Na prática, a trepanação ocorre da seguinte forma: o paciente é anestesiado, o cirurgião faz uma incisão no couro cabeludo e o osso do crânio é perfurado com uma broca. Assim, o cirurgião trata a área afetada do cérebro, o que pode envolver a remoção do sangue acumulado ou de um coágulo. Após o procedimento, o local é fechado.
Quais os riscos? Há sequelas?
Embora a trepanação seja considerada um procedimento seguro, algumas complicações podem surgir. Os médicos citam infecções no local da perfuração ou no espaço cerebral, volta do sangramento ou hematoma, lesões cerebrais devido à pressão ou ao próprio procedimento.
As sequelas podem incluir ainda comprometimento neurológico, como problemas de memória, dificuldades cognitivas, mudanças de humor ou fraqueza motora, dependendo da gravidade da hemorragia e da resposta ao procedimento.
Como é a recuperação?
“A recuperação é muito rápida”, diz Figueiredo. “Em geral, são anestesias breves. O procedimento dura muito pouco tempo e, dentre os procedimentos neurocirúrgicos que fazemos, é um dos mais simples”, completa.

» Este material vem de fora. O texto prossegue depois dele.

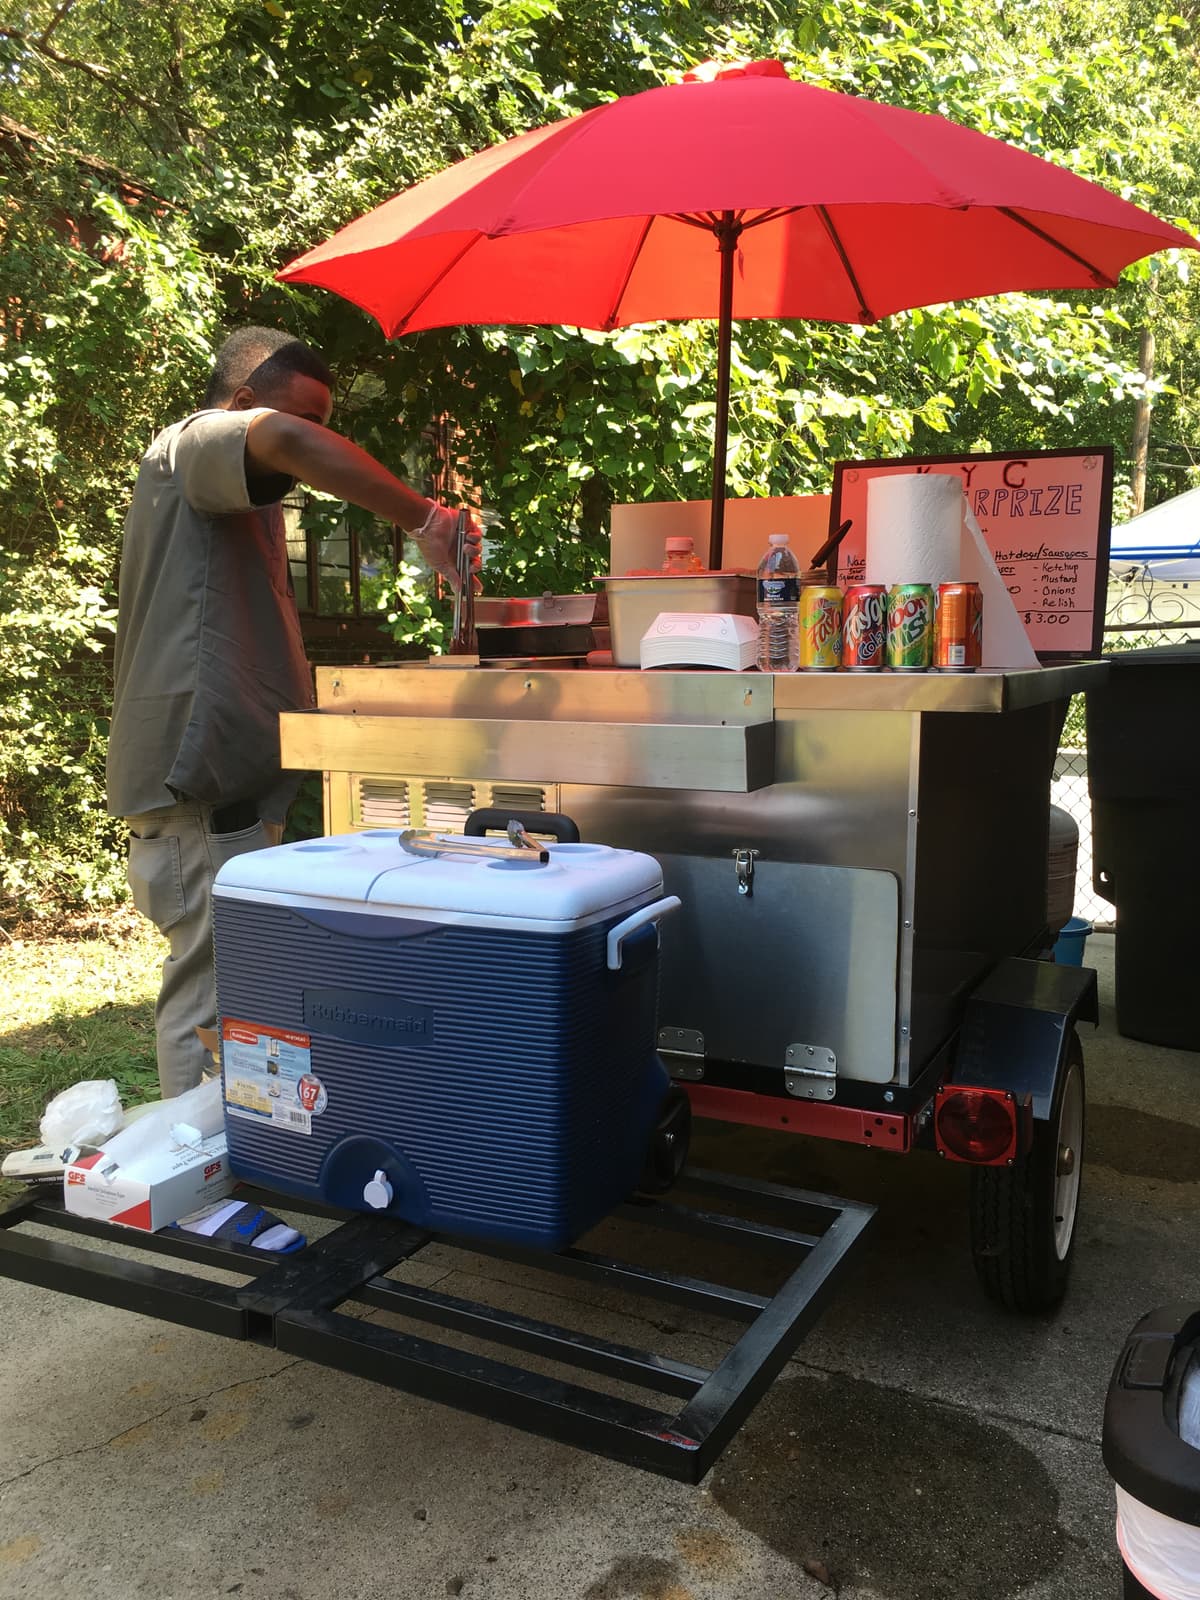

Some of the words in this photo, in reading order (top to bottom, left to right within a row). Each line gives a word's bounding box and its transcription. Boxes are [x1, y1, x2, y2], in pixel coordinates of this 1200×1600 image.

Depois do procedimento, o paciente é acompanhado por alguns dias na Unidade de Terapia Intensiva (UTI). Por volta do terceiro ou quarto dia de internação, ele pode receber alta hospitalar para continuar o acompanhamento de forma ambulatorial, explica Wuilker Knoner Campos, presidente da Sociedade Brasileira de Neurocirurgia (SBN).
A recuperação total, com reabilitação em casa, leva entre semanas e meses, com o paciente devendo retornar ao hospital uma vez por mês para realizar tomografia. O tempo depende do motivo da cirurgia e da saúde do paciente.
Fatores como idade, condições clínicas e uso de medicamentos podem afetar significativamente a recuperação, assim como problemas como hipertensão, diabetes e doenças que comprometem a coagulação, como hemofilia.
Pacientes que tomam anticoagulantes (como varfarina ou rivaroxabana) ou antiagregantes (como aspirina e clopidogrel) têm maior risco de retorno do sangramento e de precisar de uma nova intervenção. Pessoas com histórico de alcoolismo também apresentam maior risco de complicações e pior prognóstico.
Após o procedimento, os pacientes devem evitar atividades intensas e seguir as orientações médicas rigorosamente. Isso inclui tomar medicamentos prescritos, comparecer a consultas de acompanhamento e, com frequência, realizar sessões de fisioterapia ou terapia ocupacional.